Strip the pictures and reproduce the rest of the listing exactly.

___ TASK DATA

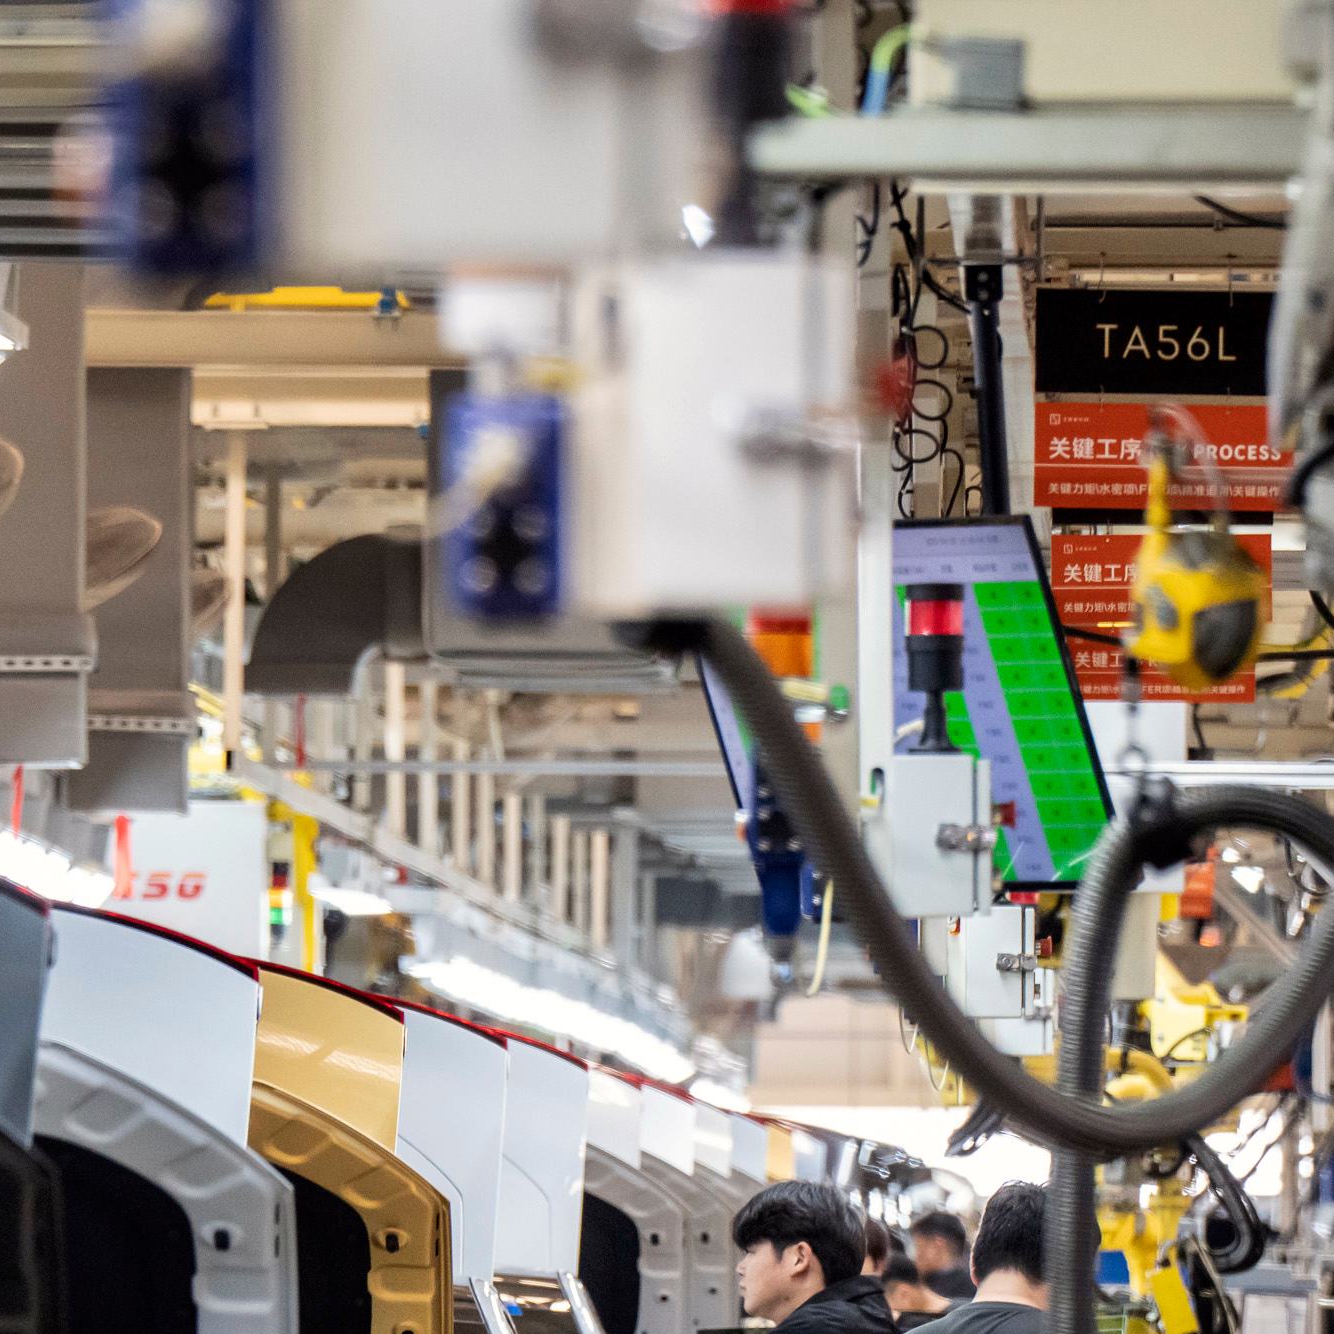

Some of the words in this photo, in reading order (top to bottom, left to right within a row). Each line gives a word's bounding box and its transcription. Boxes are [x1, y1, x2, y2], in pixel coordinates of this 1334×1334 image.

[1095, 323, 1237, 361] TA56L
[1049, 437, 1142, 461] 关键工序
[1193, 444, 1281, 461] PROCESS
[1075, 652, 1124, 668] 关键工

______

**RESPONSE BELOW**
Some of the words in this photo, in reading order (top to bottom, left to right within a row). Each line gives a word's bounding box and its transcription. Boxes are [x1, y1, x2, y2], in pixel coordinates of this 1334×1334 image.

[1095, 323, 1237, 361] TA56L
[1049, 437, 1142, 461] 关键工序
[1193, 444, 1281, 461] PROCESS
[1075, 652, 1124, 668] 关键工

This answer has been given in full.